• PROBLEM:
Return verbatim the run of lines that opens with the line holding "this 1920×1080 image." and closes with the last line of the records.

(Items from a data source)
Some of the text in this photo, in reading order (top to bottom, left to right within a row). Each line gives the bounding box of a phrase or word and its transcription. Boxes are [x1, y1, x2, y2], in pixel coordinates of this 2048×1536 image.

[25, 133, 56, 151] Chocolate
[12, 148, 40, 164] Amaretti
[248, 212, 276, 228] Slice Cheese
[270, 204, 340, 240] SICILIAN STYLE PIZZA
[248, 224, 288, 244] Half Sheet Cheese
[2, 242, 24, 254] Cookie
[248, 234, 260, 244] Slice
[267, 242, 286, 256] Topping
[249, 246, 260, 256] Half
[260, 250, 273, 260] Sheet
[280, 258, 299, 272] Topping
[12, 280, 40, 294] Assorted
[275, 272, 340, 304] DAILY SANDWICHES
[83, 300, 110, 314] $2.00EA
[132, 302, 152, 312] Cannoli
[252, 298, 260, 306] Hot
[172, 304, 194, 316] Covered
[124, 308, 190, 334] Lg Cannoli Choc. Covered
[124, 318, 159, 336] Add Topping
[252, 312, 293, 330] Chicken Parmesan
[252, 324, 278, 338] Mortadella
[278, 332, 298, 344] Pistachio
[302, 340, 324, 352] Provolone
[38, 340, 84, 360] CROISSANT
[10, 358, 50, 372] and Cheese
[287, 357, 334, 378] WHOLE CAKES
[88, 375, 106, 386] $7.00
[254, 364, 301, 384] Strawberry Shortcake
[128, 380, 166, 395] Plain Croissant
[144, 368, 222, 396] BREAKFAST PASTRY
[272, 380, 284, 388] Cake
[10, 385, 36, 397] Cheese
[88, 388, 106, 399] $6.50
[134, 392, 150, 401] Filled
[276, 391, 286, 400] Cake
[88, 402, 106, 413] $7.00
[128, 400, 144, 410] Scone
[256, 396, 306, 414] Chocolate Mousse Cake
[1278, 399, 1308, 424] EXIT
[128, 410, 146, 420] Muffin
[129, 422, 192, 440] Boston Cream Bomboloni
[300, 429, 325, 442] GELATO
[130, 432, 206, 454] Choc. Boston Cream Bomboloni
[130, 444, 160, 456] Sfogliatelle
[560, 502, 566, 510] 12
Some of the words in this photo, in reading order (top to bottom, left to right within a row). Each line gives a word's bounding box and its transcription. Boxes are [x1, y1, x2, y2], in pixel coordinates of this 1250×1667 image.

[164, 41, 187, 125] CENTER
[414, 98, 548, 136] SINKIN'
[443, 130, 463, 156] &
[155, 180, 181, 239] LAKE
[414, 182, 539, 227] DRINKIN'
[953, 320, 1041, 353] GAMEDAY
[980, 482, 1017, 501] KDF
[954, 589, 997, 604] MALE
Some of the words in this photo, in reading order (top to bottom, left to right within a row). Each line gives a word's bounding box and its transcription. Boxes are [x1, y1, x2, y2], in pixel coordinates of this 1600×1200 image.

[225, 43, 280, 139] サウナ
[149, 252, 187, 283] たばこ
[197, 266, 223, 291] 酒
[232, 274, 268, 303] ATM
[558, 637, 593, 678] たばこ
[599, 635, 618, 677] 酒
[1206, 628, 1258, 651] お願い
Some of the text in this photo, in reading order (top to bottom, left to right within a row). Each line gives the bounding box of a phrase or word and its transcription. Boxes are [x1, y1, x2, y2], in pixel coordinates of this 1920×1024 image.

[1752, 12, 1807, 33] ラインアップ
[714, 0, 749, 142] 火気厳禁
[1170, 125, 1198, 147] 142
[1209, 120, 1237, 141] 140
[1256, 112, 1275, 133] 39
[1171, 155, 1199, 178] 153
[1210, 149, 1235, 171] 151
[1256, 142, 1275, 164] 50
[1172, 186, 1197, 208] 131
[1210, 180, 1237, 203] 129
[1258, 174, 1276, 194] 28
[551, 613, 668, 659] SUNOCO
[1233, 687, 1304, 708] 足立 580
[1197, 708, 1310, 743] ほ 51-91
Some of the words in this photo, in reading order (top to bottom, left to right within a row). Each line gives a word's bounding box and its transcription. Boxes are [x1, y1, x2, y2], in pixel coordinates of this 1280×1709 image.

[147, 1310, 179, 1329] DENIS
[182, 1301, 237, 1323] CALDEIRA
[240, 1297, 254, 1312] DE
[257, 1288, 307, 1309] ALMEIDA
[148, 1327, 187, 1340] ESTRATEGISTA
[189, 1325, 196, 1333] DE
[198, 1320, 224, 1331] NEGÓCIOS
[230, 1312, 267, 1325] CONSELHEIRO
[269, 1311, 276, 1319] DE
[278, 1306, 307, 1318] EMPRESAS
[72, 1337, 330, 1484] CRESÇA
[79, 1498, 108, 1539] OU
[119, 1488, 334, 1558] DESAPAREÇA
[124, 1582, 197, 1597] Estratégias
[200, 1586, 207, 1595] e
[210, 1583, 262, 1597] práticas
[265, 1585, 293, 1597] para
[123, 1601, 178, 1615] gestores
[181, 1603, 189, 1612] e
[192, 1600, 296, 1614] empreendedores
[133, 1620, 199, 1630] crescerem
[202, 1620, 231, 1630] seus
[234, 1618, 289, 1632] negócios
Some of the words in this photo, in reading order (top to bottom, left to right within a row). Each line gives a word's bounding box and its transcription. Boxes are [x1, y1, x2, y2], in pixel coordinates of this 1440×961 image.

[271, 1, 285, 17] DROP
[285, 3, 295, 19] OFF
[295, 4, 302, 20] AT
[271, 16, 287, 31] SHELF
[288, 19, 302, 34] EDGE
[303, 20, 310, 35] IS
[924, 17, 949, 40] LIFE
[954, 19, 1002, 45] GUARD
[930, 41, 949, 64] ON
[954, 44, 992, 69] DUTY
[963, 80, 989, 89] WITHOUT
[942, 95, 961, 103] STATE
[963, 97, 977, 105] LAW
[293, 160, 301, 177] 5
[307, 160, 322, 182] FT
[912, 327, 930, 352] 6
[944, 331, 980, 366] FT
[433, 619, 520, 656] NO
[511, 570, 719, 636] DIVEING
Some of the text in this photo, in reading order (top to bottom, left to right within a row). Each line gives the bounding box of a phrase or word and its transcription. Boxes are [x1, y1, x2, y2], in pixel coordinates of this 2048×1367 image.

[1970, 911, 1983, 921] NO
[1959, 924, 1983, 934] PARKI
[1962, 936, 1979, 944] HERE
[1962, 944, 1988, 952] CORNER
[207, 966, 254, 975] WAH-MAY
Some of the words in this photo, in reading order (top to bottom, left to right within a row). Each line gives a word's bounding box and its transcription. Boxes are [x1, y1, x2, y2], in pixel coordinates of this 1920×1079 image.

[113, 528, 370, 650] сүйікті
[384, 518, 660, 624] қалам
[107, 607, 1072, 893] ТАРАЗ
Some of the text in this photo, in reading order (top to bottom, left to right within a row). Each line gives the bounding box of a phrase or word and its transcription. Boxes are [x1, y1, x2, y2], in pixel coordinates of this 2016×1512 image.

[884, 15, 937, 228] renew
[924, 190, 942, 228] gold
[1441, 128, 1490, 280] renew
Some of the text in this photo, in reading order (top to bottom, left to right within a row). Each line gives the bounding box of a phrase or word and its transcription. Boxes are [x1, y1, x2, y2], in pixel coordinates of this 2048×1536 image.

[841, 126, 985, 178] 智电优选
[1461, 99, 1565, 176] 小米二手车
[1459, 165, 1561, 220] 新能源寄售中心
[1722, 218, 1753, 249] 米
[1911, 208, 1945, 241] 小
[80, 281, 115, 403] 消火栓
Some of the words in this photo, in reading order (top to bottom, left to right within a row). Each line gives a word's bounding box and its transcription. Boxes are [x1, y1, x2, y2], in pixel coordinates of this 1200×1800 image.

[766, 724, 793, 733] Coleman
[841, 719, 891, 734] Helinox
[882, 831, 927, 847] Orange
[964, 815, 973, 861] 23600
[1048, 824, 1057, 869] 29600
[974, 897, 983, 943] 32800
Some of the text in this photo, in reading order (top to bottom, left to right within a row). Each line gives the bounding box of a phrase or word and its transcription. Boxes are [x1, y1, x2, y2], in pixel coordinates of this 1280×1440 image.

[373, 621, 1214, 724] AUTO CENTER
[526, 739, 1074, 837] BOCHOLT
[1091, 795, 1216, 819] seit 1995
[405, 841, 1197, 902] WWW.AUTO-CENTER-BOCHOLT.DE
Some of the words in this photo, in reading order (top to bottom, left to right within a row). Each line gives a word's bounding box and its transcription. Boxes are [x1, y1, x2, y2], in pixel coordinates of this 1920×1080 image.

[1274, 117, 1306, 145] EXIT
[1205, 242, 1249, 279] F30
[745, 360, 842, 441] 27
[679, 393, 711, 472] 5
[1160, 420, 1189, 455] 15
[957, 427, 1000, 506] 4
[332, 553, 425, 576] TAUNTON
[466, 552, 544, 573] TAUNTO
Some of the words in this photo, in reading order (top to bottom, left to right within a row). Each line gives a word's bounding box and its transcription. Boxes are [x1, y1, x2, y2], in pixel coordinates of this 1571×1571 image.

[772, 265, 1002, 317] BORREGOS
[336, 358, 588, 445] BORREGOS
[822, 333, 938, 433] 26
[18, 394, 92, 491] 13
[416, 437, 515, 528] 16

• EXERCISE SOLUTION:
Some of the words in this photo, in reading order (top to bottom, left to right within a row). Each line gives a word's bounding box and its transcription. Boxes are [x1, y1, x2, y2], in pixel coordinates of this 1920×1080 image.

[1274, 117, 1306, 145] EXIT
[1205, 242, 1249, 279] F30
[745, 360, 842, 441] 27
[679, 393, 711, 472] 5
[1160, 420, 1189, 455] 15
[957, 427, 1000, 506] 4
[332, 553, 425, 576] TAUNTON
[466, 552, 544, 573] TAUNTO
Some of the words in this photo, in reading order (top to bottom, left to right within a row). Each line gives a word's bounding box and its transcription. Boxes are [x1, y1, x2, y2], in pixel coordinates of this 1571×1571 image.

[772, 265, 1002, 317] BORREGOS
[336, 358, 588, 445] BORREGOS
[822, 333, 938, 433] 26
[18, 394, 92, 491] 13
[416, 437, 515, 528] 16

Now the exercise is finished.